Гумилев с достоинством поклонился, дивясь в душе Ахматовой, умудрившейся выдумать себе на два года (!) «роман на расстоянии» – как делали некогда средневековые поэтессы-трубадуры Беатриче де Диа или Мария Шампанская. В окфордском поместье Моррель Garsington Manor, куда привез его Анреп, Гумилев провел воскресный день в спорах вокруг пацифистского демарша, который намеревался совершить в парламенте поэт Зигфрид Сассун, раненный на Западном фронте. При помощи леди Отоллин, убежденной противницы войны, Сассун составил «этическое заявление». «Я верю, что война умышленно продлевается теми, во власти которых ее прекратить, – писал он. – Я солдат, убежденный в том, что я действую от имени солдат. Я глубоко убежден, что эта Война, на которую я пошел как на оборонительную и освободительную, стала теперь войной агрессии и завоевания…»[455].
Гумилев под впечатлением пережитого в революционные дни в Петрограде налегал в беседах с англичанами на фатальную апокалипсическую мистику, связанную в периоды мировых потрясений «с великими религиозными воззрениями народа»:
– В России до сих пор сильна вера в Третий Завет. Ветхий Завет – это завещание Бога-Отца, Новый Завет – Бога-Сына, а Третий Завет должен исходить от Бога Святого Духа, Утешителя. Его-то и ждут в России…
Вероятно, его собеседником в Гарсингтоне был сам Бертран Рассел. А после возвращения в Лондон переводчик из «The New Age» Морис Беринг[456] свел Гумилева с другим «живым класииком» – Гилбертом Честертоном. Этот июньский вечер запомнился германской воздушной атакой, происшедшей в разгар литературного застолья в особняке леди Дафф. Небеса разверзлись, бомбы сыпались на Мейфэр[457], стоял адский грохот от разрывающейся где-то у Гайд-парка и Оксфорд-стрит шрапнели, прямо над Белгрейв-сквер истошно ревели моторы крылатых машин, проносившихся над самыми крышами и заглушавших голоса.
– Короли и магнаты, – орал Гумилев, воздевая свой бокал к грозному небу, – или народные толпы способны столкнуться в слепой ненависти друг к другу, люди же пера не поссорятся никогда! Став владыками мира, поэты или по крайней мере писатели, никогда не ошибутся, поскольку всегда смогут найти между собой общий язык…

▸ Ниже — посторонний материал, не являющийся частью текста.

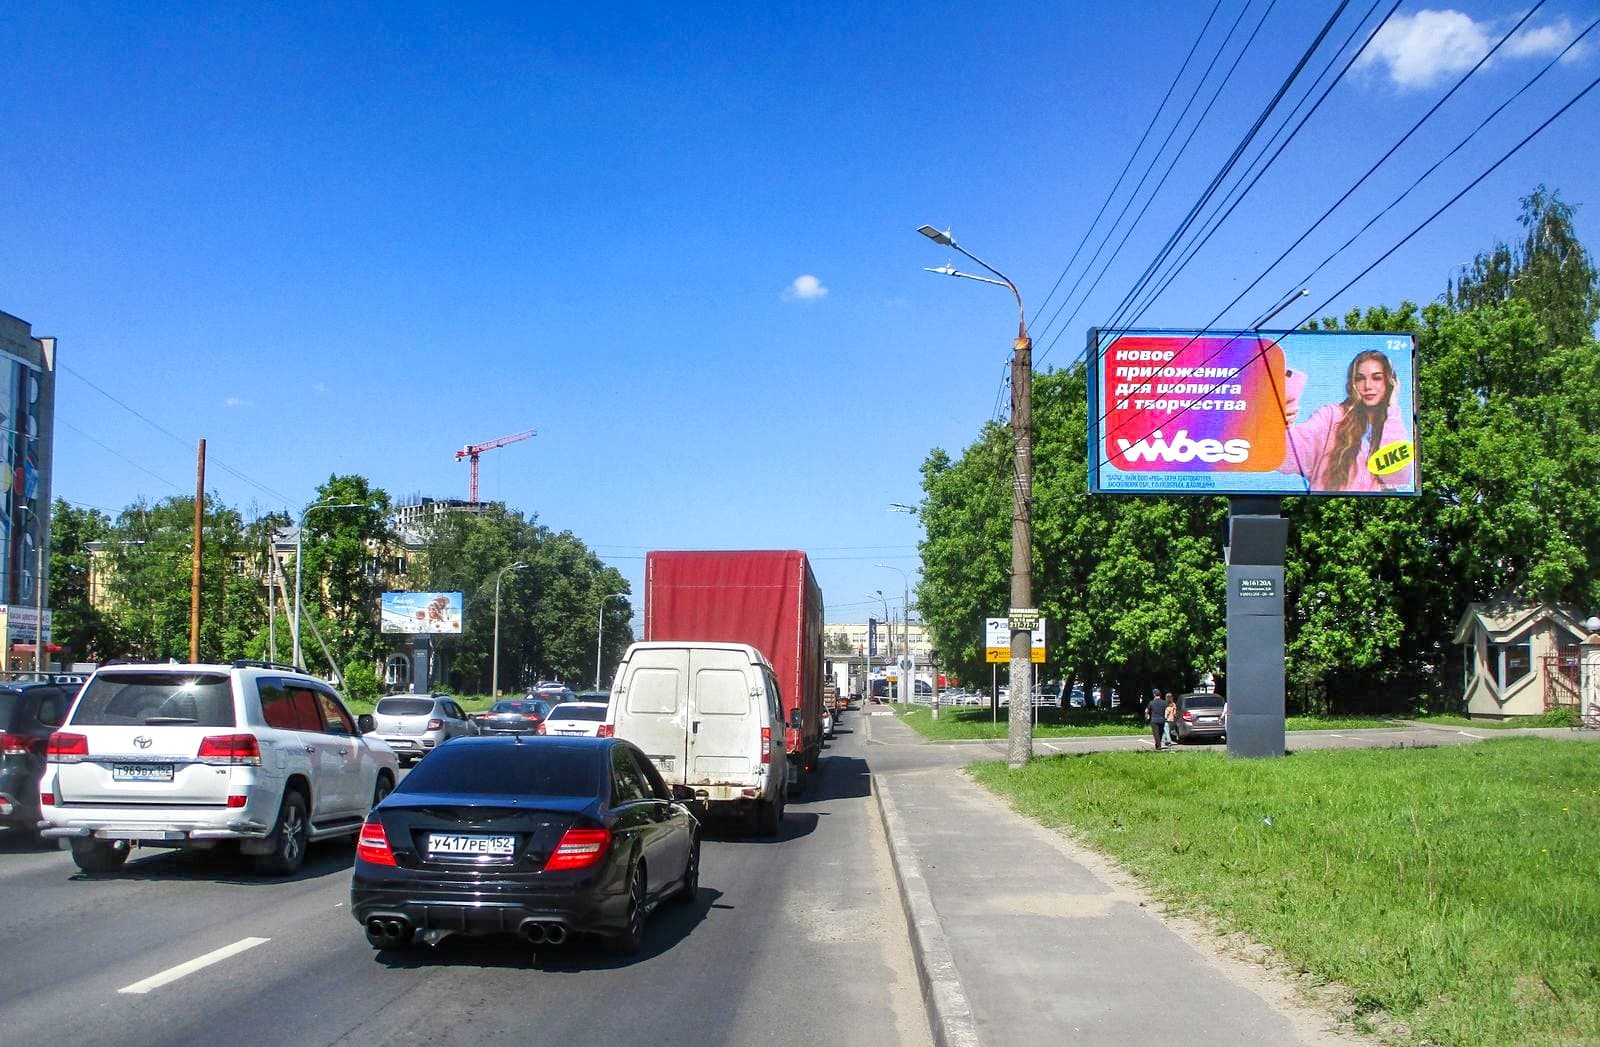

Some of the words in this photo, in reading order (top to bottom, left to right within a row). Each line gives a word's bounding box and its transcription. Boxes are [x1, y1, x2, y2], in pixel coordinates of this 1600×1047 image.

«Говорил он по-французски, – вспоминал Честертон, – совершенно не умолкая, и мы притихли; а то, что он говорил, довольно характерно для его народа. Многие пытались определить это, но проще всего сказать, что у русских есть все дарования, кроме здравого смысла. Он был аристократ, помещик, офицер царской гвардии, полностью преданный старому режиму. Но что-то роднило его с любым большевиком, мало того – с каждым встречавшимся мне русским. Скажу одно: когда он вышел в дверь, казалось, что точно так же он мог выйти в окно. Коммунистом он не был, утопистом – был, и утопия его была намного безумней коммунизма. Он предложил, чтобы миром правили поэты. Как он важно пояснил нам, он и сам был поэт. А кроме того, он был так учтив и великодушен, что предложил мне, тоже поэту, стать полноправным правителем Англии. Италию он отвел д’Аннунцио, Францию – Анатолю Франсу».
Себе он оставлял Россию.
В отличие от литературной стороны двухнедельного пребывания Гумилева в Лондоне[458], деловая часть его командировки, как и полагается, не афишировалась, но, разумеется, исполнялась. В сохранившейся лондонской записной книжке «корреспондента» сохранились некие невыясненные имена и адреса, никак не связанные с миром лондонских писателей и художников («Петр Михайлович Ногаткин, India House, Шифровальное отделение», «Джорж Бан, англ. арт. на Сал.» и т. п.). К середине месяца (или к 26–27 июня, по европейскому григорианскому календарю) встречи были завершены, и Гумилев мог продолжить путь. Из Лондона он прибыл в порт Соутгемптон и на пароходе пересек Солентский пролив, направляясь к западному, не тронутому военной тревогой побережью Франции:
Мы покидали Соутгемптон,
И небо было голубым,
Когда же мы пристали к Гавру,
То черным сделалось оно.
Я верю в предзнаменованья,
Как верю в утренние сны.
Господь, помилуй наши души:
Большая нам грозит беда.
XX
Русская военная миссия в Париже и события в Ля Куртин. Елена Дю Буше. Михаил Ларионов и Наталья Гончарова. «Русский балет» С. П. Дягилева. «Византийское либретто». Альма Полякова и Анна Сталь. Знакомство с Е. И. Раппом и новое назначение. Катастрофа Восточного фронта. В парижском Комиссариате экспедиционных войск. Командировка в Ля Куртин. Переговоры с мятежниками. Разгром куртинцев.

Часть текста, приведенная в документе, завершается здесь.